▸ WHAT TO WORK ON:
Set down all of the records exactly.

▸ INFORMATION PROVIDED:
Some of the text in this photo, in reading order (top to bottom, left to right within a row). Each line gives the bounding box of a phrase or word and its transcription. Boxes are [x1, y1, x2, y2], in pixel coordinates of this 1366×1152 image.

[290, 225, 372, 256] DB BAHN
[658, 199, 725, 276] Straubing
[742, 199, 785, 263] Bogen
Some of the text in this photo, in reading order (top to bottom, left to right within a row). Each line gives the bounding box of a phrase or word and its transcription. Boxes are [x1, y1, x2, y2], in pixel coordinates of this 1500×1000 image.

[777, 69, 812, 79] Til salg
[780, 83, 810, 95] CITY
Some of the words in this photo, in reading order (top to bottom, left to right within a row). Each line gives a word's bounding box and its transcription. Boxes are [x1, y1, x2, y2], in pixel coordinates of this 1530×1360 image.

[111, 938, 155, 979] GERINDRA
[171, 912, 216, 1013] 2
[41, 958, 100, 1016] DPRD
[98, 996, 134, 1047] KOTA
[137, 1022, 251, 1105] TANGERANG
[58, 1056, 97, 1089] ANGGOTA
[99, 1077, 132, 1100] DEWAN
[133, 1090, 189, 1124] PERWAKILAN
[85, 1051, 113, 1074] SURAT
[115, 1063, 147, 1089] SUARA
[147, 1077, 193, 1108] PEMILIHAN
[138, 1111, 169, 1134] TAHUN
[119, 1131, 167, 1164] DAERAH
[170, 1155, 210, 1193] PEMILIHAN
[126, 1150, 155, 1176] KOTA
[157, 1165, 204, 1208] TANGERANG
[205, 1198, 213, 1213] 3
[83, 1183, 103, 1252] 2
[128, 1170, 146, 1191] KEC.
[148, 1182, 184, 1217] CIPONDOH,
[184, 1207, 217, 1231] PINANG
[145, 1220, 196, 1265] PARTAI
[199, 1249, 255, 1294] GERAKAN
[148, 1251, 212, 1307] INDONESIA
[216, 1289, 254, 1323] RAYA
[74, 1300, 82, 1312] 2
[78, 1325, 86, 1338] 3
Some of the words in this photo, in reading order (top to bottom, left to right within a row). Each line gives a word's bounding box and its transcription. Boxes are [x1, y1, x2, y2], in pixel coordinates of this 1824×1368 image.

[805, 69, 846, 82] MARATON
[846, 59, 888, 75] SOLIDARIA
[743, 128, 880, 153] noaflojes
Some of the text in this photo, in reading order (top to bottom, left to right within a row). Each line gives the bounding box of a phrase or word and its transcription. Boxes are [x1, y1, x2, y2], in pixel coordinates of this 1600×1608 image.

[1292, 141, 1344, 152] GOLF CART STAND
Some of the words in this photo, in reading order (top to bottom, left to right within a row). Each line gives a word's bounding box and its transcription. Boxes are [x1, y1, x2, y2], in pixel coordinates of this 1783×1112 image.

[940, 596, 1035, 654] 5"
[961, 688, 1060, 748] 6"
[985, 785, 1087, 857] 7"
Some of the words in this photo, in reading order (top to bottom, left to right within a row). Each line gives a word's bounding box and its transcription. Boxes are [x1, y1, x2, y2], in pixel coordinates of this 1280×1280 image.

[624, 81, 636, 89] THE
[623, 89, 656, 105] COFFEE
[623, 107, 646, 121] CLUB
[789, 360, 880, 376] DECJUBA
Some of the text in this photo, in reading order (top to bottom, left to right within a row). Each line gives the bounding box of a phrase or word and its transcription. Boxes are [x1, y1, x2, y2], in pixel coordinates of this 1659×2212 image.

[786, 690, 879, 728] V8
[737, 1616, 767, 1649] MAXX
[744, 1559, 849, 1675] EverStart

▸ TASK RESULT:
Some of the text in this photo, in reading order (top to bottom, left to right within a row). Each line gives the bounding box of a phrase or word and its transcription. Boxes are [x1, y1, x2, y2], in pixel coordinates of this 1366×1152 image.

[290, 225, 372, 256] DB BAHN
[658, 199, 725, 276] Straubing
[742, 199, 785, 263] Bogen
Some of the text in this photo, in reading order (top to bottom, left to right within a row). Each line gives the bounding box of a phrase or word and its transcription. Boxes are [x1, y1, x2, y2], in pixel coordinates of this 1500×1000 image.

[777, 69, 812, 79] Til salg
[780, 83, 810, 95] CITY
Some of the words in this photo, in reading order (top to bottom, left to right within a row). Each line gives a word's bounding box and its transcription. Boxes are [x1, y1, x2, y2], in pixel coordinates of this 1530×1360 image.

[111, 938, 155, 979] GERINDRA
[171, 912, 216, 1013] 2
[41, 958, 100, 1016] DPRD
[98, 996, 134, 1047] KOTA
[137, 1022, 251, 1105] TANGERANG
[58, 1056, 97, 1089] ANGGOTA
[99, 1077, 132, 1100] DEWAN
[133, 1090, 189, 1124] PERWAKILAN
[85, 1051, 113, 1074] SURAT
[115, 1063, 147, 1089] SUARA
[147, 1077, 193, 1108] PEMILIHAN
[138, 1111, 169, 1134] TAHUN
[119, 1131, 167, 1164] DAERAH
[170, 1155, 210, 1193] PEMILIHAN
[126, 1150, 155, 1176] KOTA
[157, 1165, 204, 1208] TANGERANG
[205, 1198, 213, 1213] 3
[83, 1183, 103, 1252] 2
[128, 1170, 146, 1191] KEC.
[148, 1182, 184, 1217] CIPONDOH,
[184, 1207, 217, 1231] PINANG
[145, 1220, 196, 1265] PARTAI
[199, 1249, 255, 1294] GERAKAN
[148, 1251, 212, 1307] INDONESIA
[216, 1289, 254, 1323] RAYA
[74, 1300, 82, 1312] 2
[78, 1325, 86, 1338] 3
Some of the words in this photo, in reading order (top to bottom, left to right within a row). Each line gives a word's bounding box and its transcription. Boxes are [x1, y1, x2, y2], in pixel coordinates of this 1824×1368 image.

[805, 69, 846, 82] MARATON
[846, 59, 888, 75] SOLIDARIA
[743, 128, 880, 153] noaflojes
Some of the text in this photo, in reading order (top to bottom, left to right within a row). Each line gives the bounding box of a phrase or word and its transcription. Boxes are [x1, y1, x2, y2], in pixel coordinates of this 1600×1608 image.

[1292, 141, 1344, 152] GOLF CART STAND
Some of the words in this photo, in reading order (top to bottom, left to right within a row). Each line gives a word's bounding box and its transcription. Boxes are [x1, y1, x2, y2], in pixel coordinates of this 1783×1112 image.

[940, 596, 1035, 654] 5"
[961, 688, 1060, 748] 6"
[985, 785, 1087, 857] 7"
Some of the words in this photo, in reading order (top to bottom, left to right within a row). Each line gives a word's bounding box and its transcription. Boxes are [x1, y1, x2, y2], in pixel coordinates of this 1280×1280 image.

[624, 81, 636, 89] THE
[623, 89, 656, 105] COFFEE
[623, 107, 646, 121] CLUB
[789, 360, 880, 376] DECJUBA
Some of the text in this photo, in reading order (top to bottom, left to right within a row). Each line gives the bounding box of a phrase or word and its transcription. Boxes are [x1, y1, x2, y2], in pixel coordinates of this 1659×2212 image.

[786, 690, 879, 728] V8
[737, 1616, 767, 1649] MAXX
[744, 1559, 849, 1675] EverStart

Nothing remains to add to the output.